Il est difficile de construire des scénarios. D'emblée, il me paraît évident d'éliminer celui du partage du pouvoir, car il constitue la pire des solutions pour chacun des deux présidents. L'intervention militaire est un scénario peu probable, à mon sens, car cela créerait un précédent et ouvrirait la voie à d'autres interventions éventuelles en cas d'élections contestées, ailleurs sur le continent. De plus, au moins en coulisse, les dirigeants africains ne semblent pas unanimes. Par contre, les pressions financières, économiques et politiques pourraient se révéler, à terme, efficaces. Par exemple, la Banque mondiale a gelé ses concours, la Côte d'Ivoire n'a pas effectué le versement de 30 millions de dollars aux banques du Club de Londres, l'UEMOA (l'Union économique et monétaire ouest-africaine, NDLR) a confié à Ouattara la gestion des comptes ivoiriens à la BCEAO (Banque centrale des États de l'Afrique de l'Ouest, NDLR)... Les premiers signes d'une asphyxie financière se manifestent et Gbagbo pourrait ne plus pouvoir honorer ses obligations tant extérieures et qu'intérieures (salaires des fonctionnaires, de l'armée...). Dans ces conditions, la rue et une partie au moins de l'armée pourraient décider de le renverser au risque d'une guerre civile. Ou bien, acculé, Gbagbo se résoudra à négocier une sortie honorable garantissant son impunité et celle d'une majorité de ses proches.
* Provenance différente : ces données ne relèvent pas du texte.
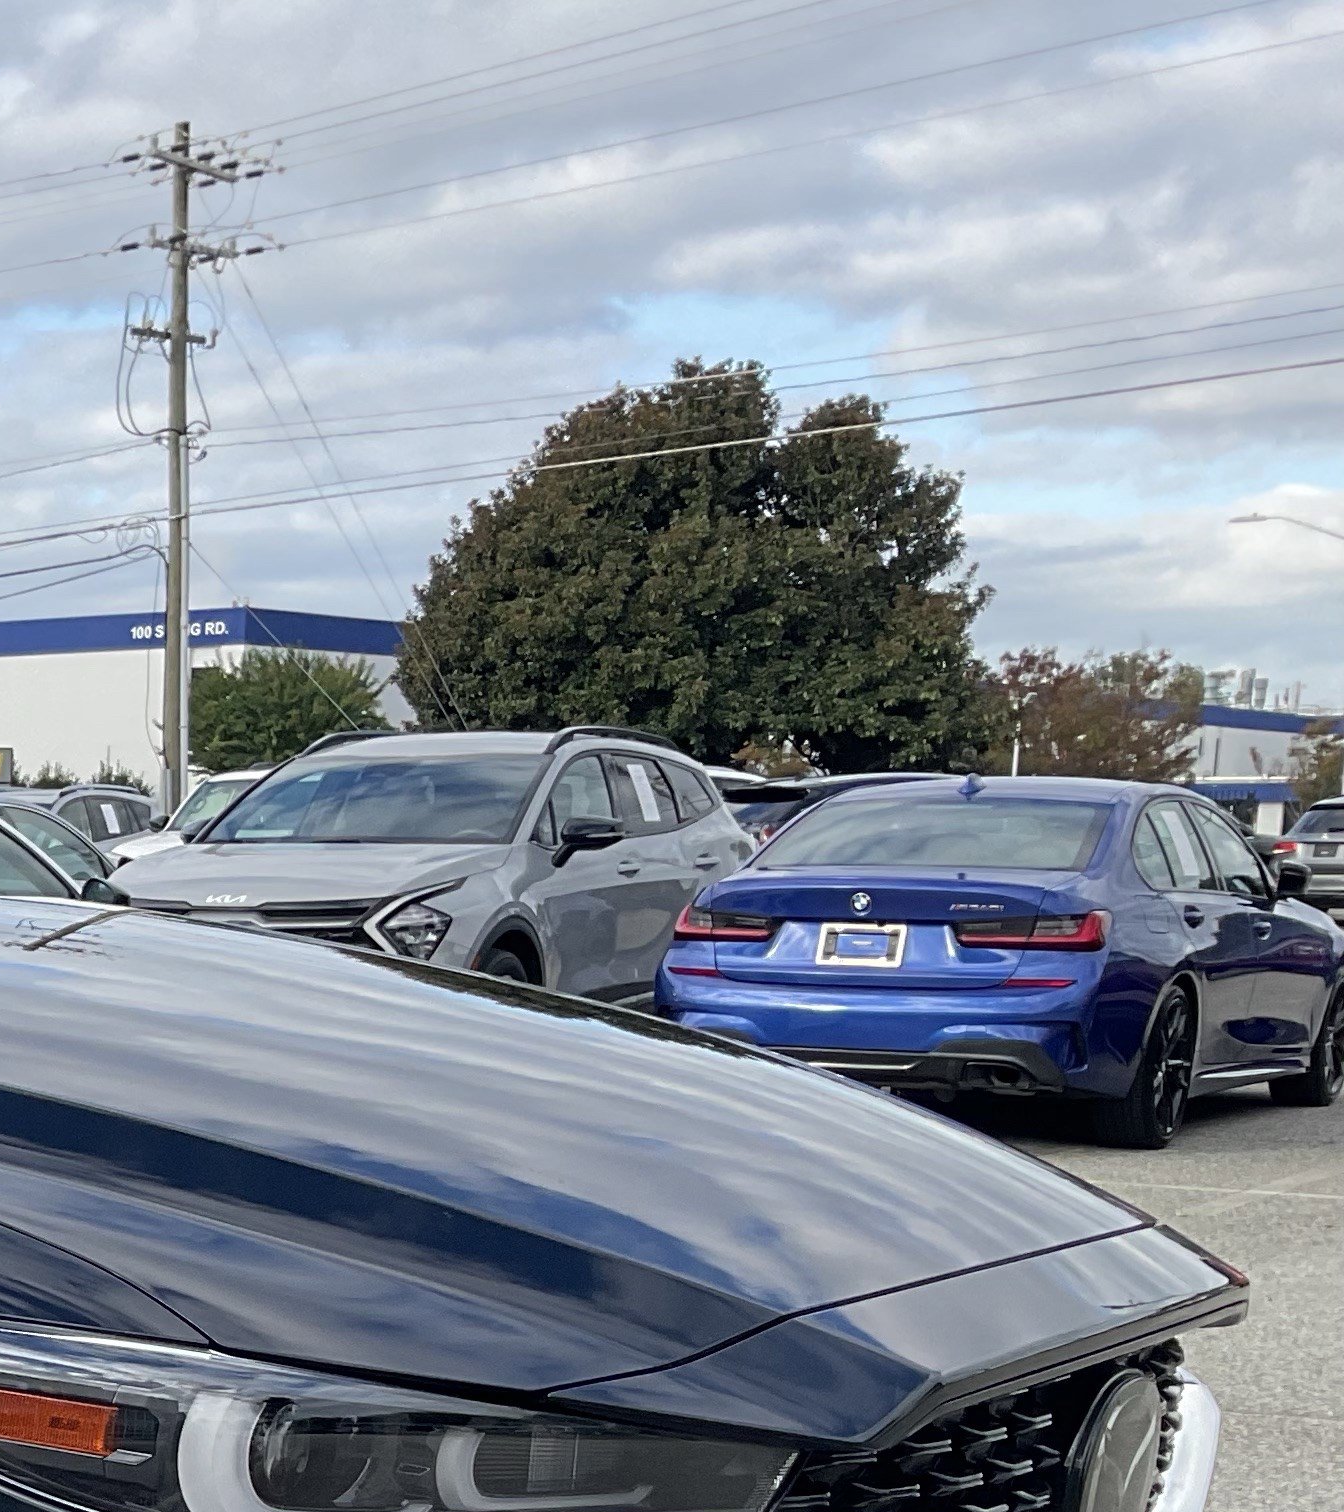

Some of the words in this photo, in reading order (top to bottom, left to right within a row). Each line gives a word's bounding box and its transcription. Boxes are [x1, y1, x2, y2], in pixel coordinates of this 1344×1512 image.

Risque-t-on, selon vous, de retomber dans des affrontements entre le Nord et le Sud ?
C'est un risque que l'on ne peut pas écarter... Depuis Konan Bédié, l'exacerbation de la xénophobie est devenue un élément important de la gouvernance en Côte d'Ivoire. Bien avant son élection à la présidence de la République, Laurent Gbagbo s'était montré un ardent défenseur de l'ivoirité, source du rejet de l'étranger. Et pendant ses dix années à la présidence, il n'a pas été tendre envers les « Nordistes ». Lorsque Ouattara, le Dioula, prendra effectivement le pouvoir, le risque existe qu'il cède aux demandes des exclus du régime précédant qui souhaitent festoyer à leur tour. Si, à son tour, il oriente la distribution clientéliste de la rente exclusivement vers les Dioulas au détriment du reste de la population, cela engendrera inévitablement des tensions, des troubles, voire des conflits... entre les privilégiés du régime et les exclus, en l'occurrence les populations du Nord et celles du Sud.

Une quinzaine de scrutins sont prévus cette année en Afrique. Quel serait l'impact d'un enlisement ou d'un dérapage total de la crise ivoirienne à l'échelle du continent africain ?
En cas d'enlisement ou de dérapage total, l'expérience ivoirienne serait un très mauvais exemple pour la démocratie en Afrique. En effet, cinquante ans après les indépendances, on pourrait se demander quelle est la maturité politique des Africains. Il est commode d'imputer les dysfonctionnements de la démocratie au néocolonialisme. Il est vrai que les États prédateurs facilitent l'exploitation néocoloniale des ressources naturelles, mais l'expérience de certains pays d'Amérique latine montre qu'il est possible de changer les règles du jeu et d'utiliser les rentes pour accroître le bien-être des populations. Alors, gardons espoir pour l'Afrique !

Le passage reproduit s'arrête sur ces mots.